Marjorie Moehlenkamp Finlay (October 5, 1928June 1, 2003) was an American opera singer and television personality. She was the maternal grandmother of singer-songwriter Taylor Swift. A coloratura soprano, Finlay performed concert, opera, and supper club singing. After winning a talent contest in 1950, she toured on the ABC radio network show Music With the Girls. Finlay later had her own television program and served as an MC for El Show Pan-Americano in Puerto Rico. She toured South America and released an album in Mexico. She also has a song dedicated to her: "Marjorie" by her granddaughter Taylor.

Life and career 
Marjorie Moehlenkamp was born on October 5, 1928, in Memphis, Tennessee, to Elmer Henry Moehlenkamp of St. Charles, Missouri, and Cora Lee Morrow of Arkansas. She was raised in St. Charles. Three of her paternal great-grandparents were from Germany.

In 1948, Moehlenkamp performed at Mexico Senior High School as a soloist in the Lindenwood Vesper Choir. She earned her Bachelor of Music from Lindenwood University in 1949. Moehlenkamp was in Mu Phi Epsilon, a professional music fraternity. She was a singer in the St. Louis Symphony Orchestra's pop concert at Kiel Auditorium.

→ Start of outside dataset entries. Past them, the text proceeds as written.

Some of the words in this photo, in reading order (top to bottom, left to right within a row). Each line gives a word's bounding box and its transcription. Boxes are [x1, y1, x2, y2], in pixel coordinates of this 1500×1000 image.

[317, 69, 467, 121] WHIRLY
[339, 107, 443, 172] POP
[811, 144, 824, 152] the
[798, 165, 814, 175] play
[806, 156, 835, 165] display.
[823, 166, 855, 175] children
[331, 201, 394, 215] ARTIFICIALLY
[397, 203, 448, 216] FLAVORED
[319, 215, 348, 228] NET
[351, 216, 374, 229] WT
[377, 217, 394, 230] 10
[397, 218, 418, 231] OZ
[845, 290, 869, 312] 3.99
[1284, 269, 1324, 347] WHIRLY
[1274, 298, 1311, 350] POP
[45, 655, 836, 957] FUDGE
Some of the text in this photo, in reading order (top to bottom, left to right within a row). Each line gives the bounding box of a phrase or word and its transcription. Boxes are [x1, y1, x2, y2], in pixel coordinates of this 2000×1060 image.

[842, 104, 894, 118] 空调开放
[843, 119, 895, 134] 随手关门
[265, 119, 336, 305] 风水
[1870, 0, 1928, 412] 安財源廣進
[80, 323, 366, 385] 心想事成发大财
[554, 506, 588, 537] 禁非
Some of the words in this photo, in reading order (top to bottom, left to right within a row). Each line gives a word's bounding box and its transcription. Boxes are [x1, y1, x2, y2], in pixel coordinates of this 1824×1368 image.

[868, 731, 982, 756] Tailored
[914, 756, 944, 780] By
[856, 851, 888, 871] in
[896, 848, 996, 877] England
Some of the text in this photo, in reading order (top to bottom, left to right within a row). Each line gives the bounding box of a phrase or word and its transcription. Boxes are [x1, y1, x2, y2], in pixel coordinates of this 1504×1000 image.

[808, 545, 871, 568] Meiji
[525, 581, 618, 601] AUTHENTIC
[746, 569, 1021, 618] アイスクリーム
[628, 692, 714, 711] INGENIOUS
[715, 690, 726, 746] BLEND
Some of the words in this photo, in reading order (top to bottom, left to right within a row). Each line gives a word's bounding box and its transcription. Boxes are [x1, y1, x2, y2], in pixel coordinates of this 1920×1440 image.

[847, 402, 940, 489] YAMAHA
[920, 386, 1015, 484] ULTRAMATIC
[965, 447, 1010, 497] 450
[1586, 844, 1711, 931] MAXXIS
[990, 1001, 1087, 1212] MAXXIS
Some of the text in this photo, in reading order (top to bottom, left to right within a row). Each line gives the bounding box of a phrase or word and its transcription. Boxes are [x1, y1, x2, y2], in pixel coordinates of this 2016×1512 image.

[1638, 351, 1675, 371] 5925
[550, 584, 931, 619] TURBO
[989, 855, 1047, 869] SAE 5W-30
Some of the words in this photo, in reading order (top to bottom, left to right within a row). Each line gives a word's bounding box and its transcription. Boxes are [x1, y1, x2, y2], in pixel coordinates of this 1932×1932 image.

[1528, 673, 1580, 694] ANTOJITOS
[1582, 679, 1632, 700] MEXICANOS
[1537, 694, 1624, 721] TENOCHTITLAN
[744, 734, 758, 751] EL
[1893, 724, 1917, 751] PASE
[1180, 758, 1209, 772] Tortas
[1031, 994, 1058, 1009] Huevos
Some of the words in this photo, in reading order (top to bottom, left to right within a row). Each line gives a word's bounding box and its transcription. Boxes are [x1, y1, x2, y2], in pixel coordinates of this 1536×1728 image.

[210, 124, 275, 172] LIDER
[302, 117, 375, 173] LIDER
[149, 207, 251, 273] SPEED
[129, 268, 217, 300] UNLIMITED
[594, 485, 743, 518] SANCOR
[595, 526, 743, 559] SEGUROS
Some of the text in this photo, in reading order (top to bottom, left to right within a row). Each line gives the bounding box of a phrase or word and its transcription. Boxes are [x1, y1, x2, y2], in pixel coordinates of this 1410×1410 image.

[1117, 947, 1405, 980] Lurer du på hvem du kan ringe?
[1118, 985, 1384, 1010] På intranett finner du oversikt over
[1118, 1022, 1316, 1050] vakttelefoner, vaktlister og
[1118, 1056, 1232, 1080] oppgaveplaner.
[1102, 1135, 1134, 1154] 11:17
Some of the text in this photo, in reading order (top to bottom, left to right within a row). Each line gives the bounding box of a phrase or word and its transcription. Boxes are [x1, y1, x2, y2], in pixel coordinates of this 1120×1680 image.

In 1950, Moehlenkamp was working as a receptionist at Boatmen's National Bank in St. Louis. She won a talent contest on the ABC network show Music With the Girls. This awarded her a radio spot and she toured on the network radio show for 15 months. During the summer of 1951, Moehlenkamp studied at the Berkshire Music Center and then in New York City on the advice of musician Edwin McArthur. 

She married Robert Finlay, president of Raymond Construction Company, on March 22, 1952, in Palm Beach, Florida. After her marriage, Finlay and her husband moved to Havana, Cuba, where his office was located before relocating to Puerto Rico due to political unrest. They moved to Caracas before returning to Santurce with their children. In Puerto Rico, Finlay had her own television program and performed in concerts, operas, and supper clubs, including a two-week stint at the Caribe Hilton Hotel.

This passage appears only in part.